You and Your Child
Minimizing Otitis Media by Manipulating the Primary Dental Occlusion: Case Report
The Journal of Clinical Pediatric Dentistry, Volume 22, Number 3/1998 by Stephen R. Branam / Arthur P. Mourino
Otitis media is a very common infection in children under three years of age. The infection is a frequent cause for medical
treatment to prevent pain and potential hearing loss associated with this infection. Medical management consists of antibiotic treatment
and/or myringotomies. Children with otitis media can have varied skeletal patterns and occlusions with constricted or non-constricted dental
arches and open bites or deep dental overbites. The exact role of dental occlusion and mandibular posturing in otitis media occurrence has not been
determined scientifically. Different components of dental occlusion have been studied, but no study has been performed regarding the
disclussion of the primary dentition and the resultant effects on otitis media and symptoms. The patient presented in this article had a
history of chronic and frequent otitis media and a malocclusion that would cause posterior positioning or posturing of the mandible.
In other words, the mandible could not assume a forward position.
OCCLUSION vs OTITIS MEDIA (EAR INFECTIONS)
Mew and Meredith acknowledge the relationship between ENT problems and posturing of the tongue against the palate with regard to lip seal
with the teeth in or near contact. As otolaryngologists they acknowledged that orthodontic palatal expansion allows or enables the mandible
to be positioned or postured forward, which increases oral muscle tone. This together with firmer contractions of the tongue and facial muscles
when swallowing may provide ENT advantages. They also examined correct oral posturing vs. incorrect oral posturing and the effect on
equilibration of the middle ear pressure as the patient swallowed and positioned the tongue against the palate. The exact relationship of the
dental occlusion on the middle ear and the Eustachian tube function has not been documented.

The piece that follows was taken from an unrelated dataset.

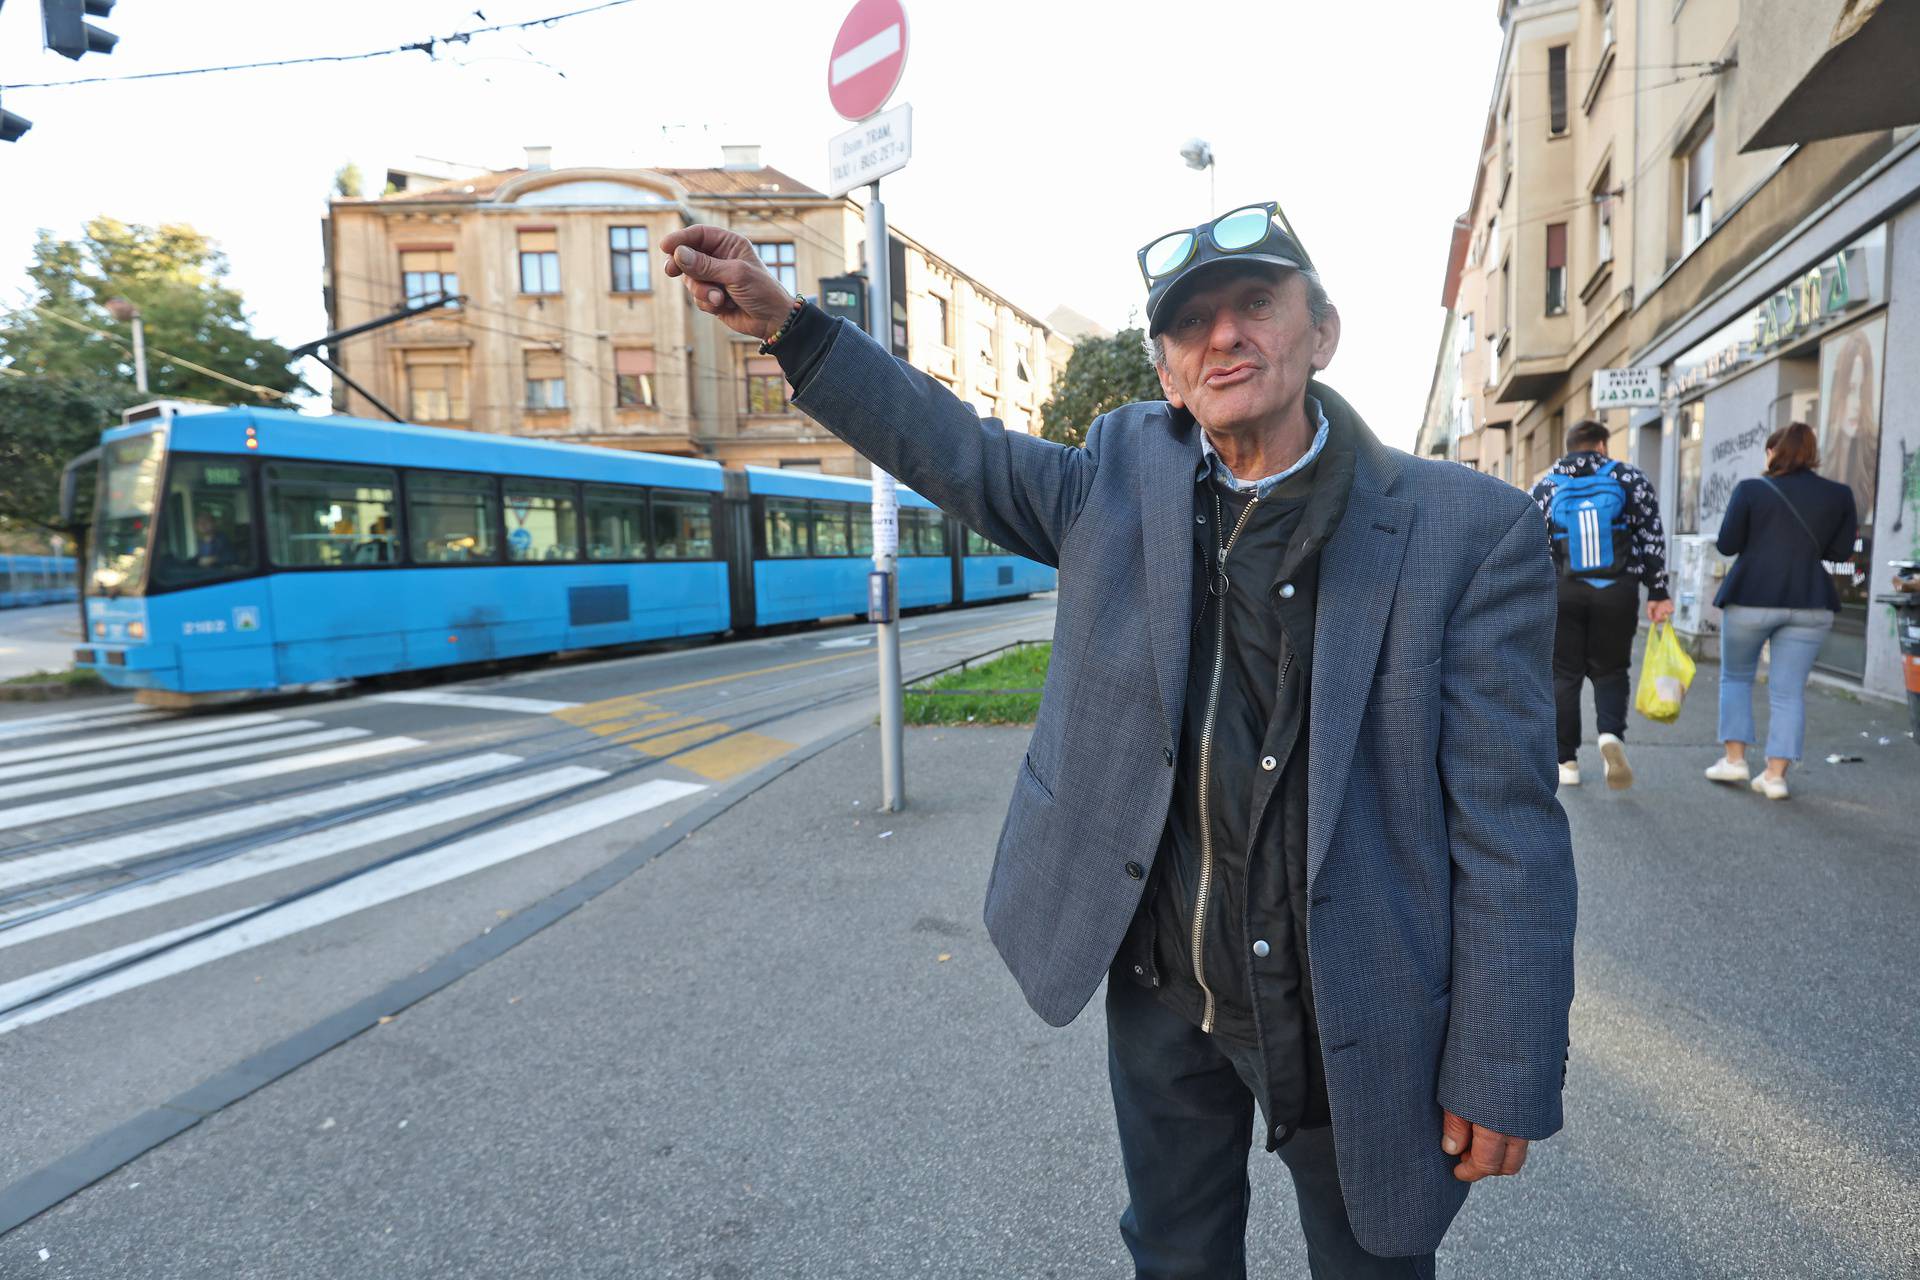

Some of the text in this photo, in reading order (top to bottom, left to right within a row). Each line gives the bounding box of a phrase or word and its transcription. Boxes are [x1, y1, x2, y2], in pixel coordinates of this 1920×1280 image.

Mew showed that rapid and semi-rapid palatal expansion enables the mandible to be brought forward a substantial distance, thus changing
the mandibular posture or position. He also acknowledges that the success is sometimes not predictable if functional appliances are used,
because some patients do not always adhere to the prescribed wearing instruction or schedule. Mew also suggested that the recommended age
for beginning this maxillary expansion and mandibular posturing varies on the severity of the case, but the options reduce after the eight year old
growth spurt. Otolaryngologists also realize the value of this treatment, because if the objectives are achieved, the oral development not only tends
to result in a natural imprevement in nasal respiration, but the enforced postural training also increases the resting oral muscle tone.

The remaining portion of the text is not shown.